Some Sabians consider their holy book, the tablets of Shayth (a).[28] Some historians believe that Sabians are from Syriac people, the most ancient religion on earth who claim that their lineage reaches back to Sabi', a child of Shayth (a).[29]

Notes

  1. Qummī, Tafsīr al-Qummī, vol. 1, p. 166.
  2. Genesis, 4:25-26; Ibn Kathīr, al-Bidāya wa l-nihāya, vol. 1, p. 95.
  3. Ibn al-Jawzī, al-Muntaẓam, vol. 1, p. 218.
  4. Ṭabarānī, al-Tafsīr al-kabīr, vol. 2, p. 382.
  5. Dāwarpanāh, Anwār al-ʿirfān, vol. 8, p. 13; Ḥusaynī Hamidānī, Anwār-i dirakhshān, vol. 3, p. 325.
  6. ʿAskarī, ʿAqāʾid-i Islām, vol. 3, p. 101.
  7. Ṭabarānī, al-Tafsīr al-kabīr, vol. 2, p. 386; Samarqandī, Tafsīr, vol. 1, p. 385.
  8. Sharaf al-Dīn, al-Mawsūʿa al-Qurʾānīyya, vol. 2, p. 140.
  9. Thaʿlabī, Tafsīr al-Thaʿlabī, vol. 4, p. 53; Ṭabrisī, Majmaʿ al-bayān, vol. 3, p. 287.
  10. ʿAskarī, ʿAqāʾid-i Islām, vol. 3, p. 63, 231.
  11. ʿAskarī, ʿAqāʾid-i Islām, vol. 3, p. 63, 229.

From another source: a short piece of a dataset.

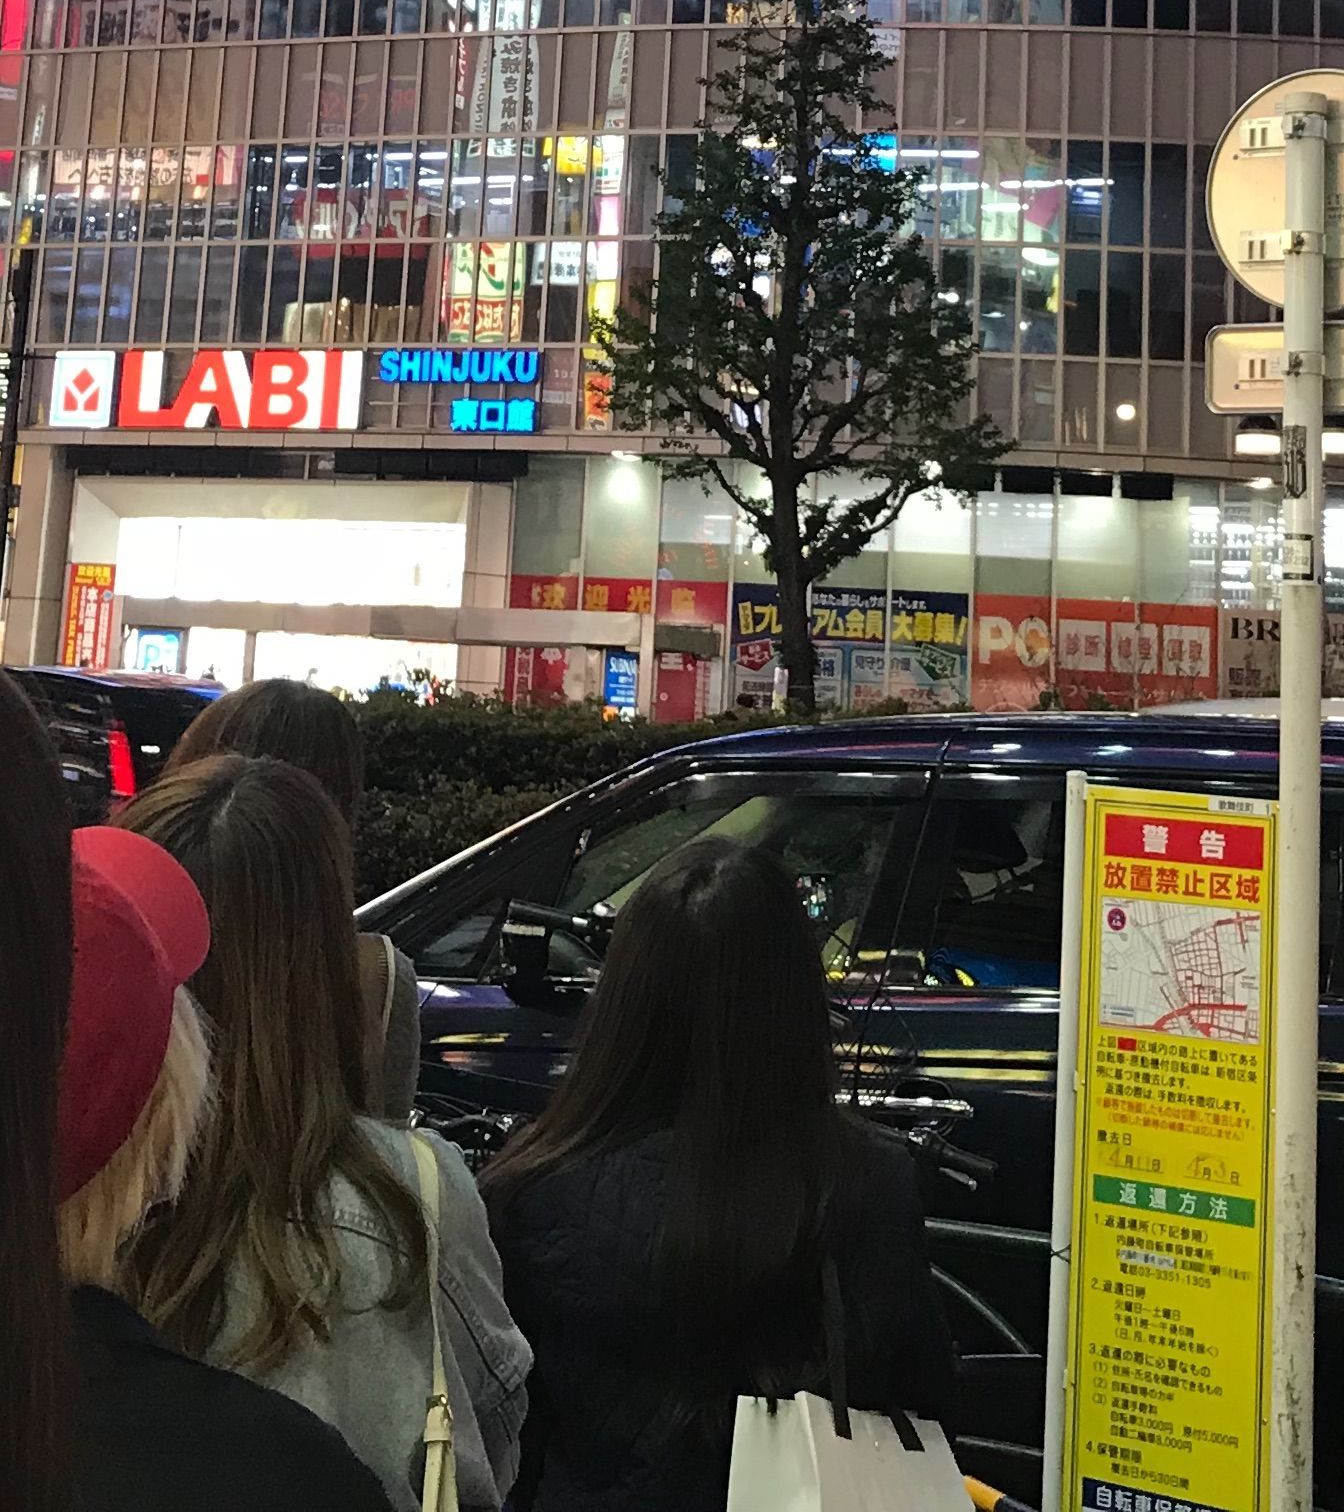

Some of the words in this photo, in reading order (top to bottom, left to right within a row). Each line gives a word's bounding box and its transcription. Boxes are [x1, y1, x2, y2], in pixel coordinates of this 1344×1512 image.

  12. Ibn Kathīr, al-Bidāya wa l-nihāya, vol. 1, p. 99.
  13. ʿAskarī, ʿAqāʾid-i Islām, vol. 3, p. 64-65.
  14. Malikī Mīyānjī, Manāhij al-bayān, vol. 2, p. 174.

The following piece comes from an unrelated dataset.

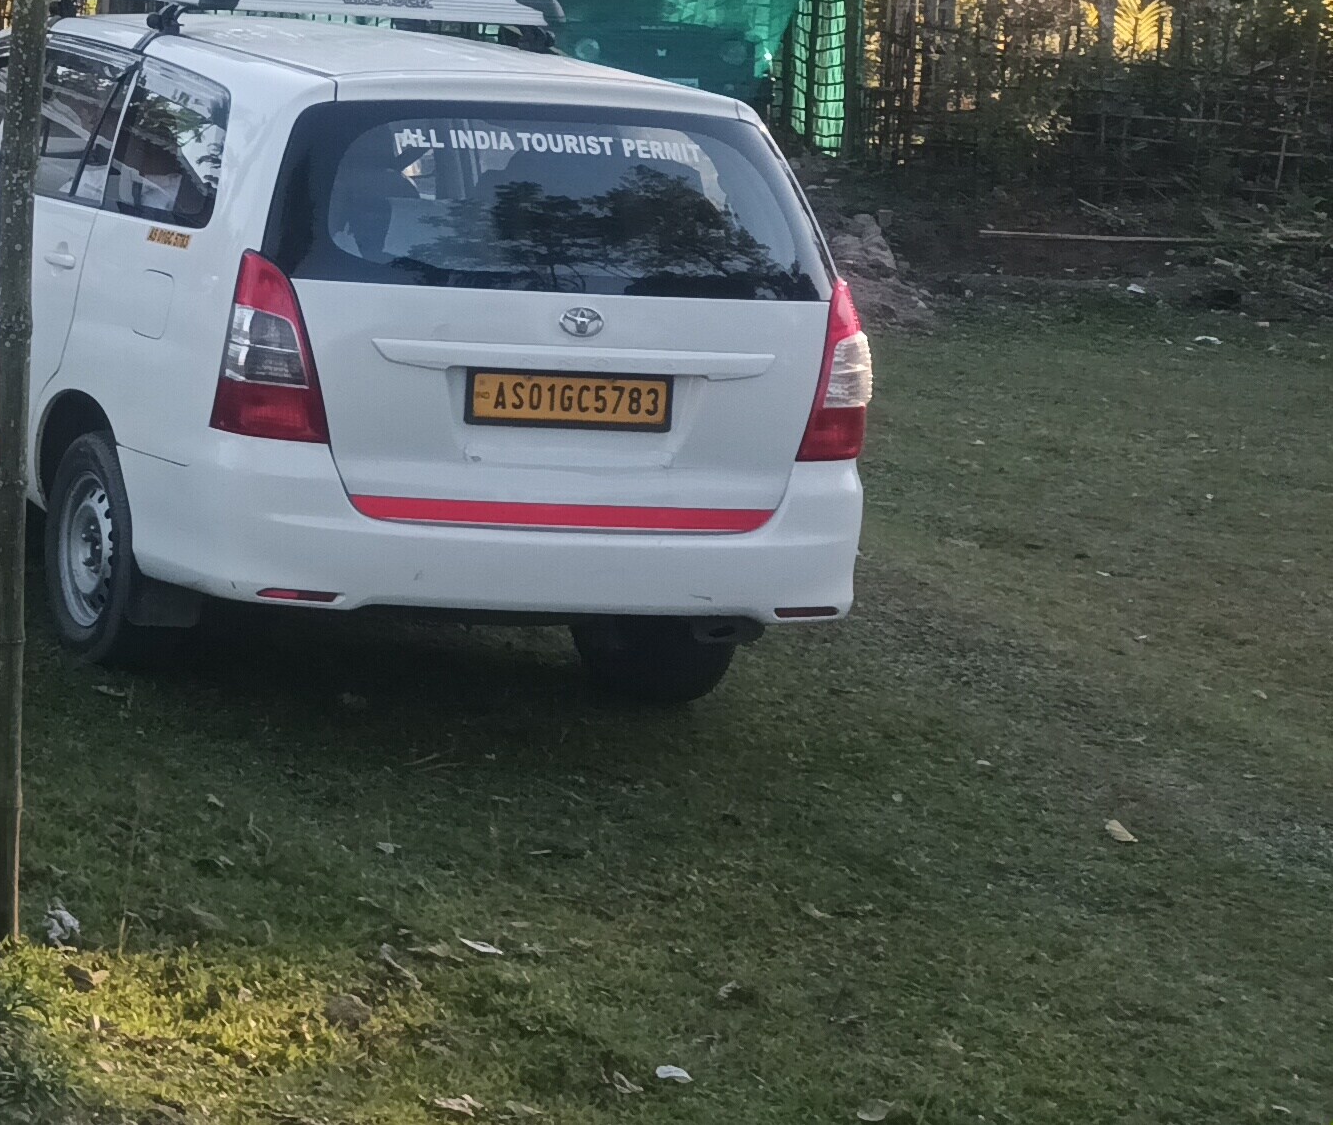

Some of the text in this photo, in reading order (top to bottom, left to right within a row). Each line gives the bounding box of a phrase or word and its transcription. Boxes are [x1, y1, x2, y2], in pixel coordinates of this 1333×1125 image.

  15. Ṭabarī, Tarjuma-yi tafsīr-i Ṭabarī, vol. 2, p. 399.
  16. ʿAyyāshī, Tafsīr al-ʿAyyāshī, vol. 1, p. 104.
  17. Ṣadūq, Man lā yaḥḍuruh al-faqīh, vol. 1, p. 163.
  18. Ṭabarī, Tarjuma-yi tafsīr-i Ṭabarī, vol. 2, p. 399.
  19. Ibn Athīr, Kāmil tārīkh buzurg-i Islām wa Iran, vol. 1, p. 230.
  20. Jurjānī, Darj al-durar, vol. 1, p. 662.
  21. Ibn Kathīr, al-Bidāya wa l-nihāya, vol. 1, p. 99.
  22. Ṭabarī, Tarjuma-yi tafsīr-i Ṭabarī, vol. 1, p. 62.
  23. Ibn al-ʿIbarī, Mukhtaṣar tārīkh al-duwal, p. 4.
  24. Bīāzār Shīrāzī, Bāstān shināsī, p. 244.
  25. ʿAskarī, ʿAqāʾid-i Islām, vol. 1, p. 230.
  26. ʿAskarī, ʿAqāʾid-i Islām, vol. 3, p. 332.
  27. ʿAskarī, ʿAqāʾid-i Islām, vol. 1, p. 230.
  28. Maydānī, Maʿārij al-tafakkur, vol. 7, p. 546.
  29. Maydānī, Maʿārij al-tafakkur, vol. 7, p. 546.